How To Afford Traveling?

How I Did It Cheap

    I got really amused by how many people were convinced that I am secretly rich because of all the traveling I did.  The thing is, I am far from being rich.  My secret for traveling is being smart with my money and planning ahead.  
    When I say “planning ahead” I don’t mean every little detail of my trip was planned out.  Really for the actual traveling it was made up as I went.  What I did plan out was flights, train tickets, etc.  
    My travel through New Zealand was done mostly on the Stray Bus.  This was great because I didn’t have to worry about where to go next, how I was getting there, where I was going to stay etc.  It was also great because I met a lot of really neat people I would not have met traveling on my own, and a few of them I have stayed in contact with and visited in their home countries.
    When I was preparing to backpack Europe, I bought my plane tickets (there and back) and my 2 month continuous rail pass about 6 months before I actually went.  This allowed me to know exactly how much money I had for travel without worrying about running out before getting a good deal on a plane ticket and having to stress about how I was getting home.

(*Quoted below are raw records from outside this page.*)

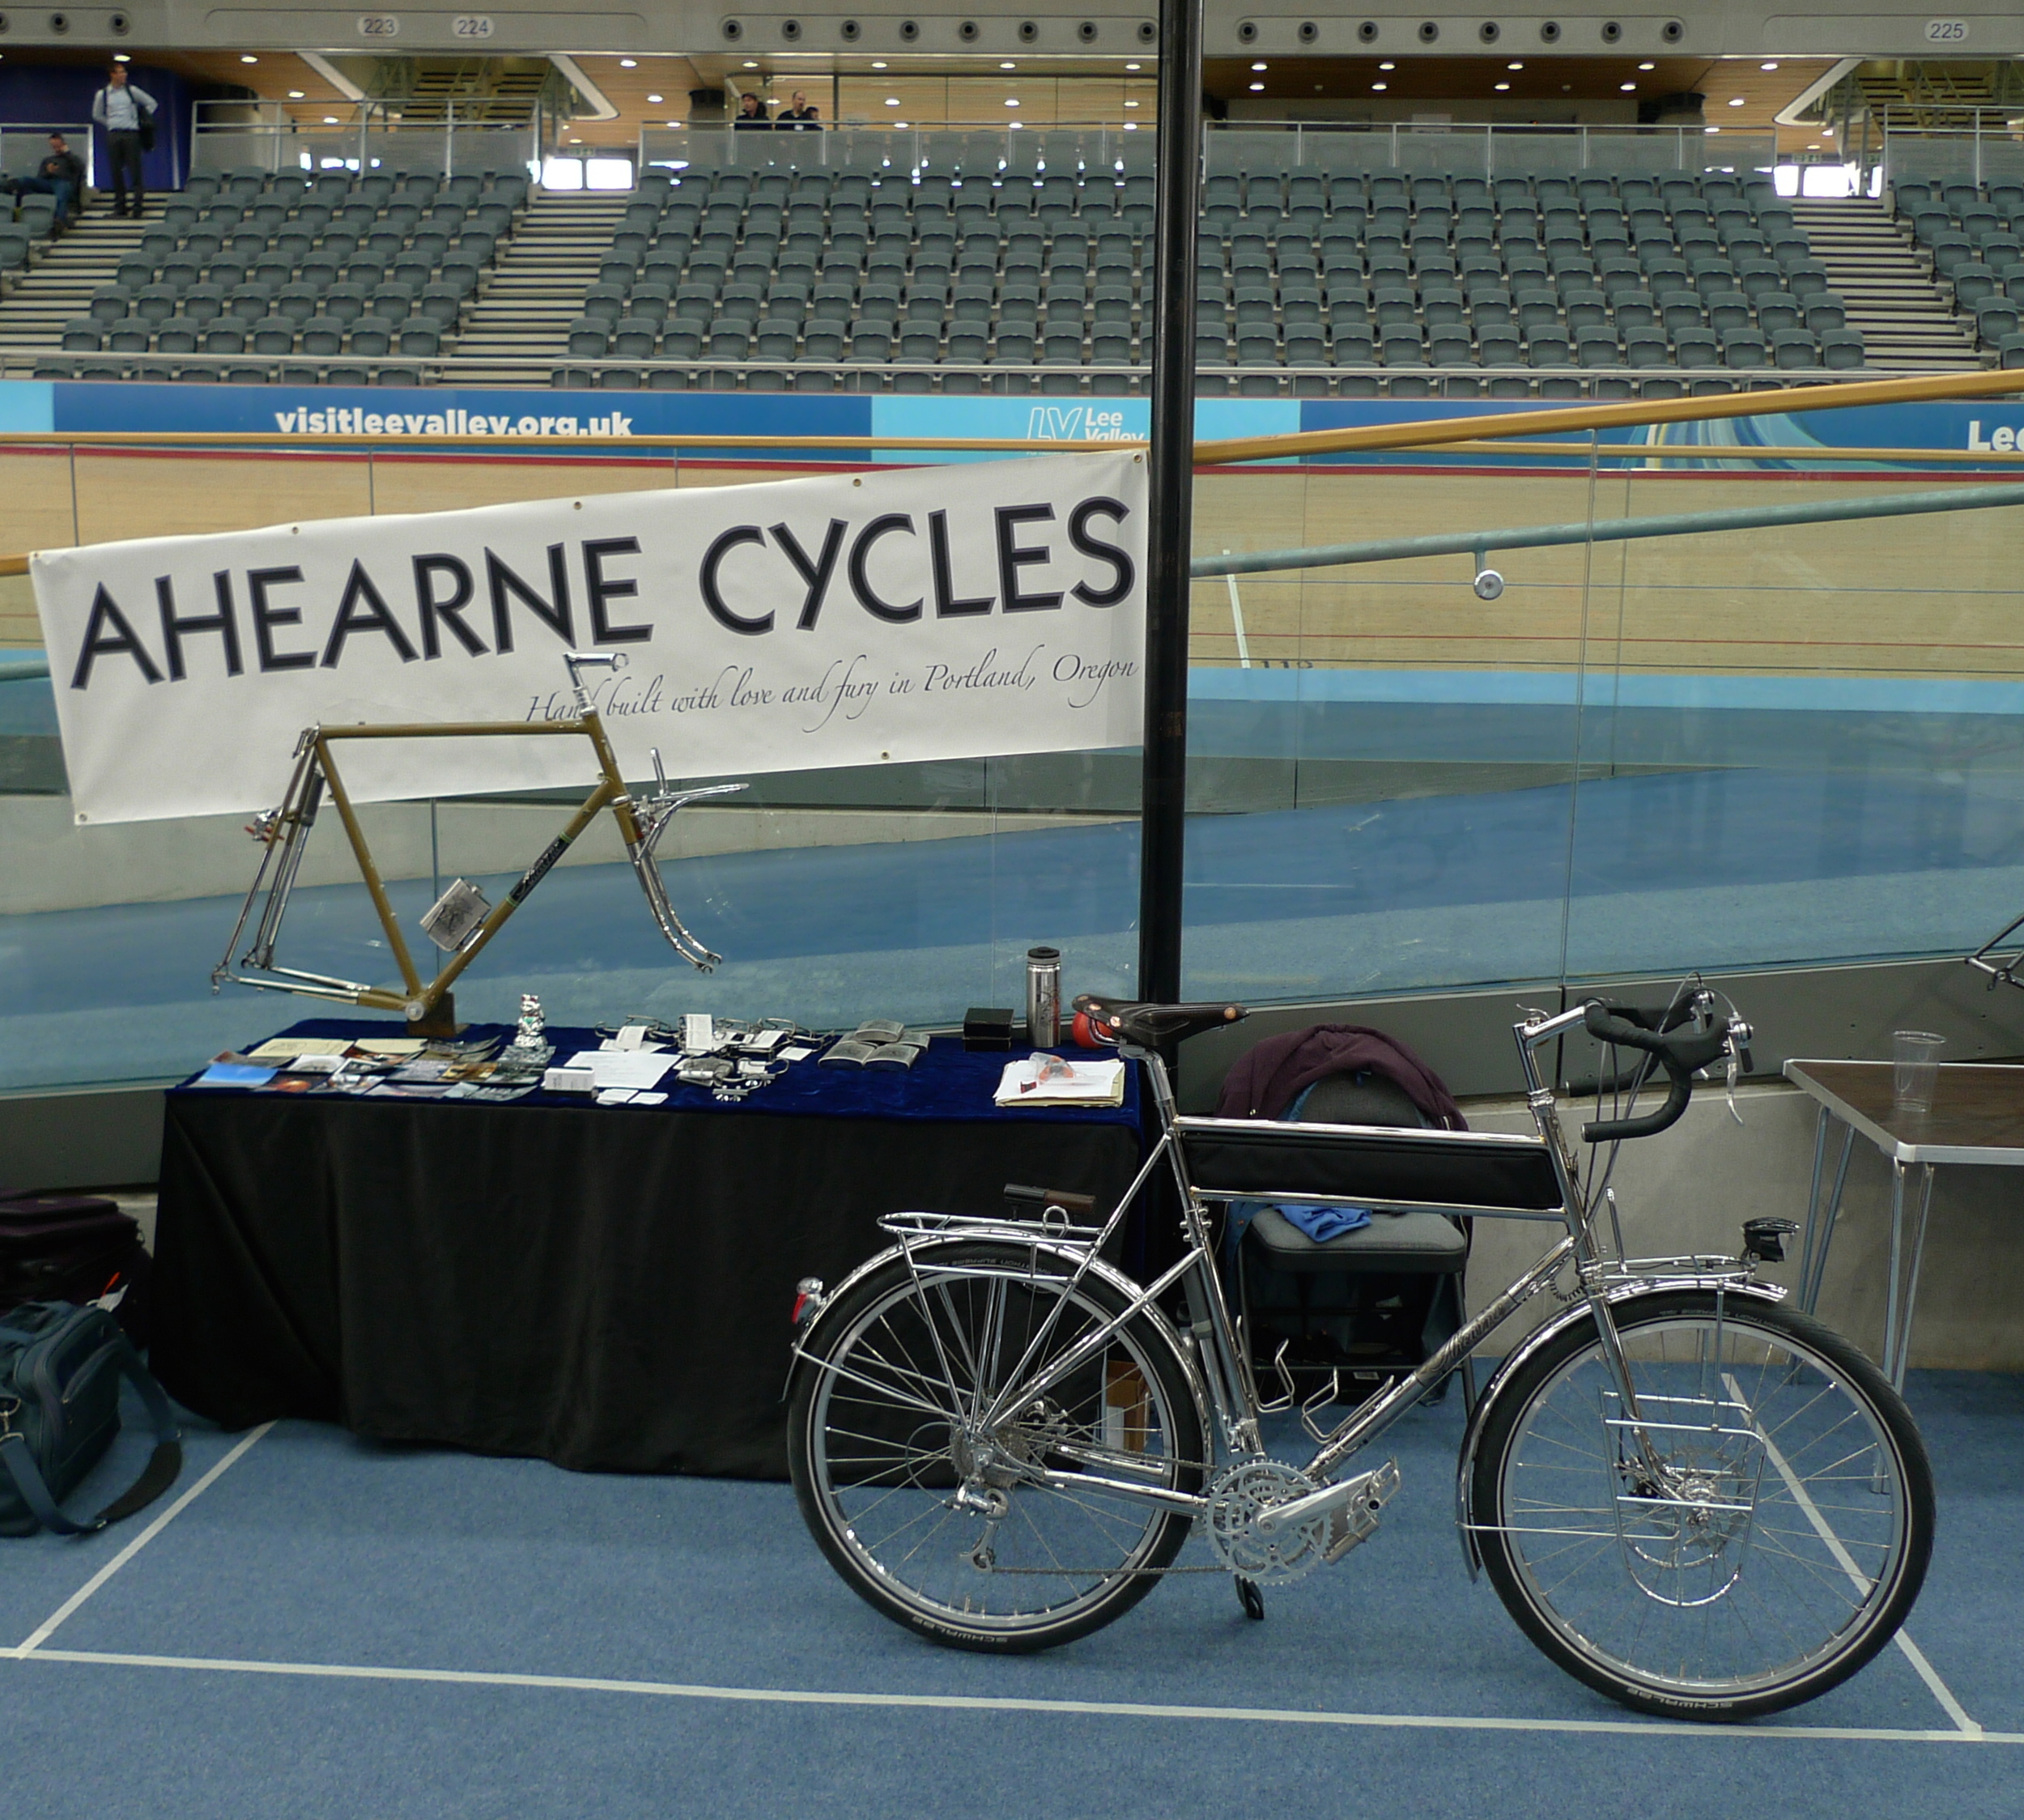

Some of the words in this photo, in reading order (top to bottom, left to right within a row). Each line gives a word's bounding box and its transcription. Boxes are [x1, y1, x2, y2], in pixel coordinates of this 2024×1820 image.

[364, 18, 395, 34] 223
[457, 19, 489, 34] 224
[1930, 23, 1964, 39] 225
[274, 406, 633, 436] visitleevalley.org.uk
[1085, 407, 1124, 427] Lee
[70, 536, 653, 691] AHEARNE
[699, 495, 1135, 636] CYCLES
[782, 660, 844, 704] and
[889, 672, 916, 695] in
[924, 644, 1045, 692] Portland,
[1052, 654, 1140, 708] Oregon
[606, 674, 665, 717] built
[671, 665, 738, 712] with
[730, 667, 776, 708] love
[802, 654, 879, 734] fury
[912, 1615, 1008, 1643] SCHWALBE
[1626, 1686, 1734, 1709] SCHWALBE

    Now, some of my money saving methods are not for everyone.  Let’s start with the biggest one: eating.  If you are in another country, for the love of Zues, stay away from American food!  A large part of experiencing another country is in it’s cuisine.  Now, I did not eat a lot when I traveled, mainly because my stomach gets weird when I travel which makes eating difficult/undesirable.  This being said, I save a lot of money by not eating.  However, I always make sure I have healthy snacks (non chocolate so I don’t have to worry about them melting) so that if I do get hungry I can have a quick bite without spending extra money (quest bars, go raw snacks, etc.).  If you do want to eat at a restaurant that offers that country's cuisine, ask locals where they eat.  A lot of the big tourist restaurants are going to be tourist pricing and not necessarily authentic; locals can tell you where to find the hole in the wall, cheaper, more authentic places.

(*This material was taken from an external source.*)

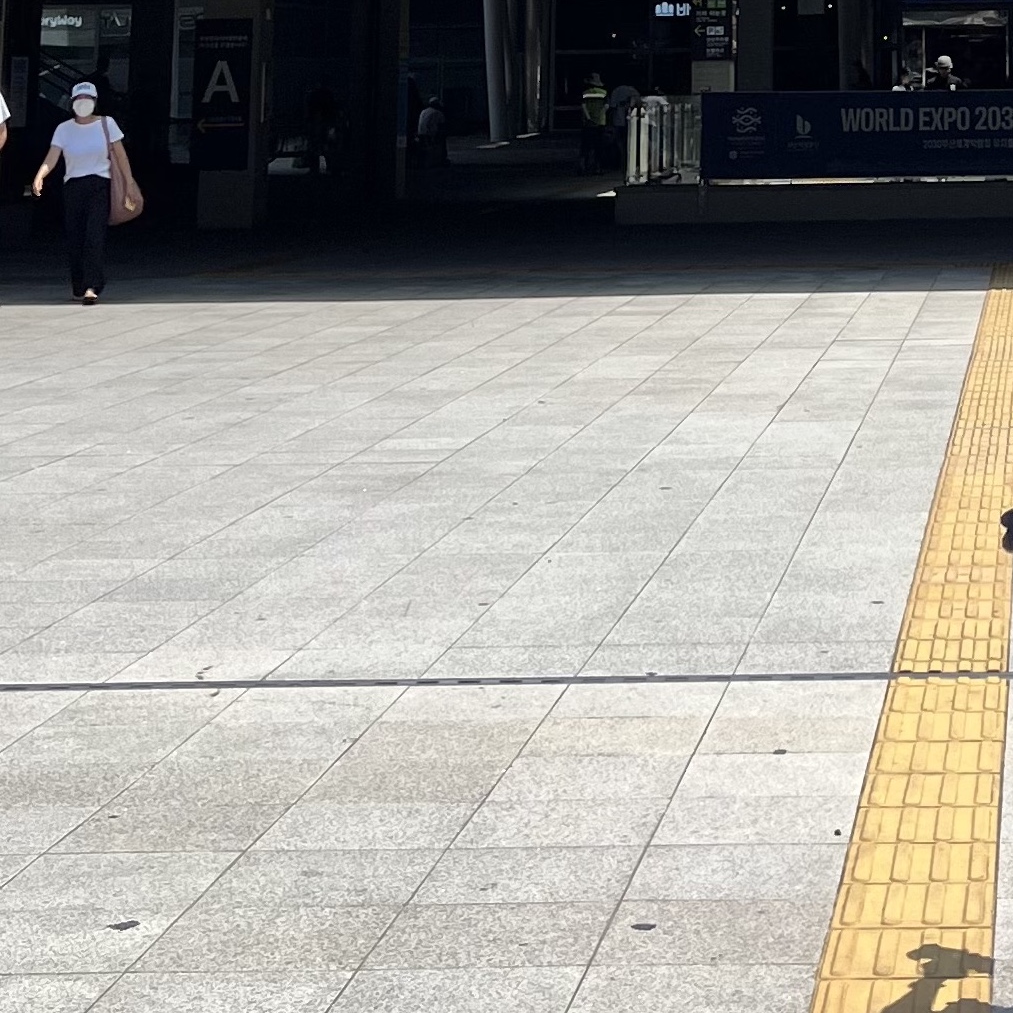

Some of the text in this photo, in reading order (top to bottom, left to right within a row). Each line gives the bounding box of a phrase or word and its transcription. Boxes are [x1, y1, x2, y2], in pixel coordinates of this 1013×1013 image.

[201, 60, 240, 103] A
[841, 107, 914, 133] WORLD
[918, 106, 971, 131] EXPO

    Expense number two: lodging.  I can tell you some of the best parks/train stations to stay the night in around Europe.  When the train station is not desirable, the Eurail gives you free transport to the airport in some countries, which is helpful in the winter to stay warm through the night.  In a pinch, hostels or couchsurfing is always an option.  Hotels will be the most expensive, but if you stay away from the bigger chain hotels, you can usually find a nice room for cheap, especially in the less touristy towns/areas.  For the most part I napped on trains and at train stations in between visiting friends, and most places were pretty alright and used to people doing that.

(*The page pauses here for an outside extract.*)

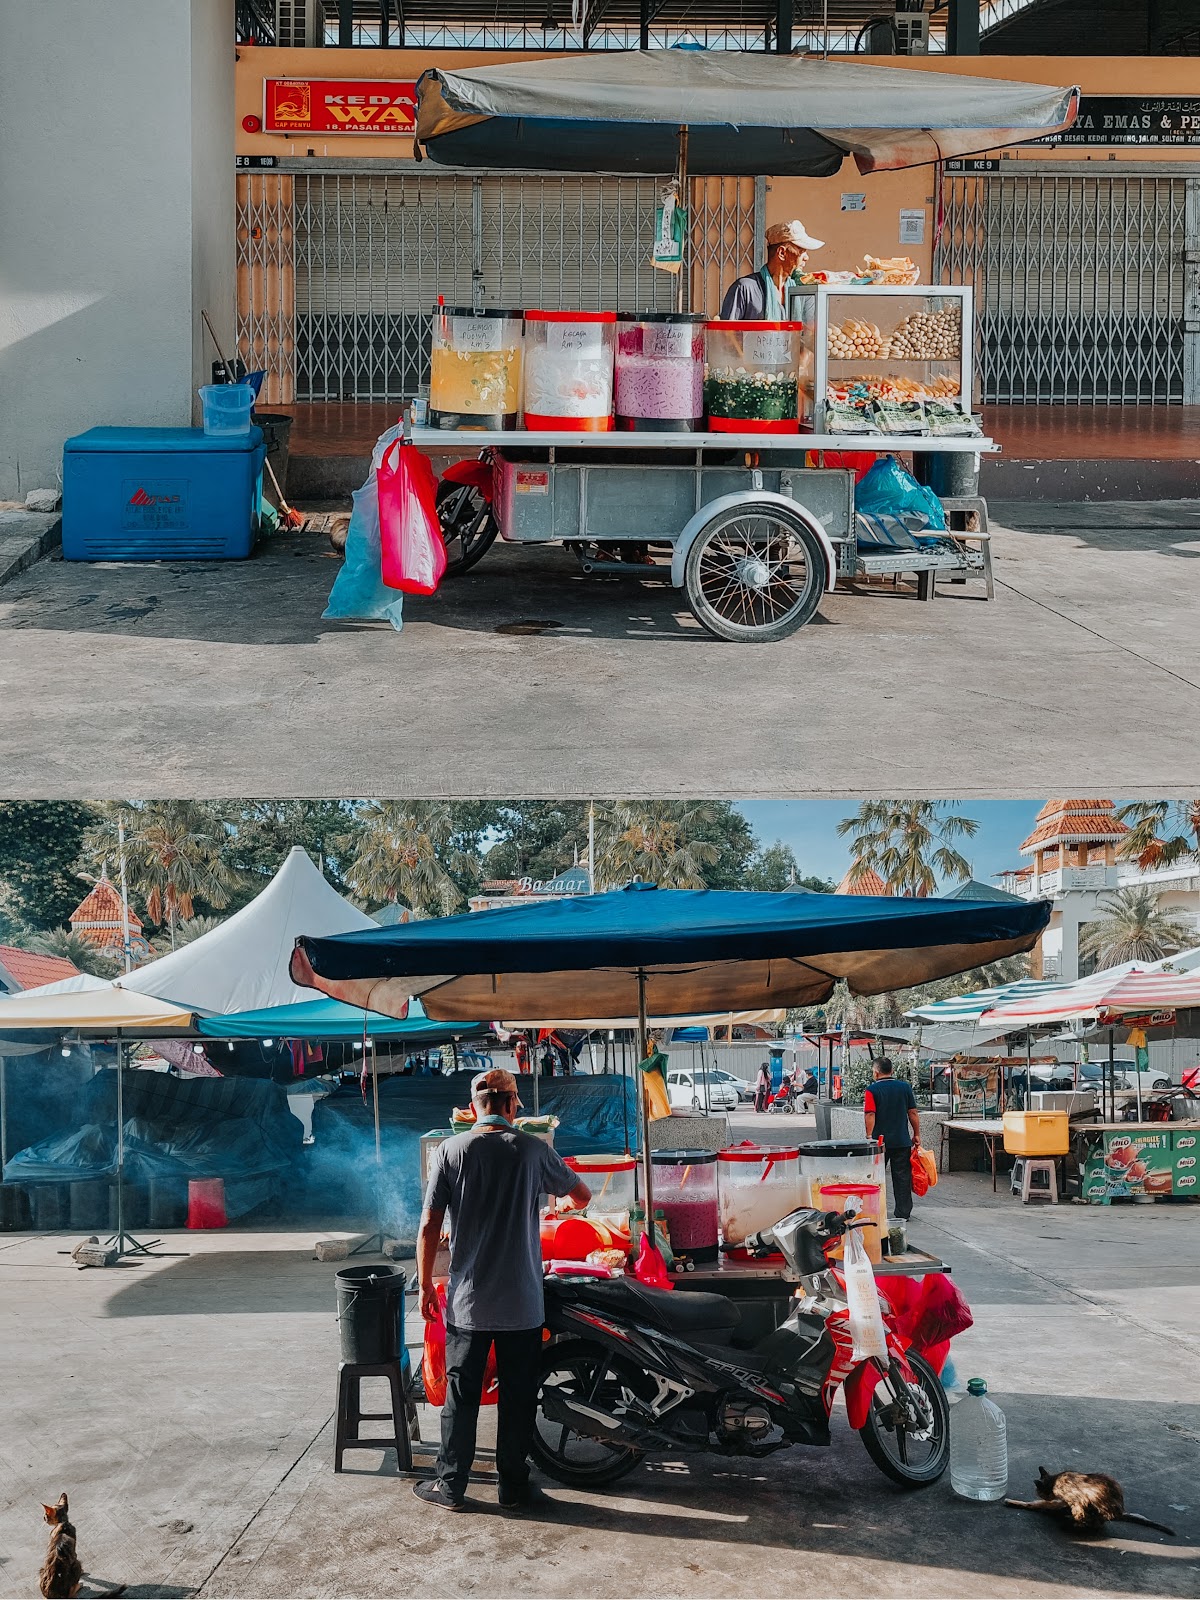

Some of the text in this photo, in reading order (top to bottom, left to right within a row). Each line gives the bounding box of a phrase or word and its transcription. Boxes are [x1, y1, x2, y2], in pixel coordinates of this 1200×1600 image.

    Expense number three: activities and souvenirs.  I hate standing in queues in my own country, so standing in a queue for museums/activities in other countries is not high on my list of enjoyable things.  I prefer to walk around the cities, taking in the landscape, finding little hidden gems off the beaten path.  I enjoy castles but have no wish to be crammed into one with a bunch of other people I don’t know, snapping pictures, getting in the way, etc.  So, I saved a lot of money by just taking in the culture without doing the museums/galleries and whatnot.  If you really want to see some of the museums or do certain activities, search around for a good deal, plan ahead for that activity, and prioritize the expenses.  Ask yourself, “Is this something I can do at home that will be just as cool as doing it here?”  I did a skydive in NZ, but the only reason was so I could say I skydived over Mt. Doom.  That was an extra perk I could not accomplish skydiving in the states. Souvenirs is another easy one for me; I thrive on the experience and the memory stored in my brain.  I am not a huge photo taker and I am not sentimental enough to buy things that I will have to figure out how to bring back.  One of my most prized possessions is a genuine Russian Nesting Doll, given to me by a dear friend.  I cherish it and am happy she gave it to me, but I never would have bought it for myself, and I never buy anything for the sake of spending money.  Had I seen something that screamed to be owned by a person I cared about, I would have purchased it IF I could not get it back home and it was easy to transport.  Otherwise, not worth the hassle.  The other thing is, the more touristy things you buy, the more anyone paying attention will realize you are a tourist with money and your chances of getting robbed go up; I’m not being prejudice here, just realistic.
    Last piece of advice I can give: don’t get sucked in by salesman.  Look I get it, some people’s income is based off commission and they deserve their cut for the work they do.  However, when you are traveling on a budget, you really need to assess whether or not you need what they are selling.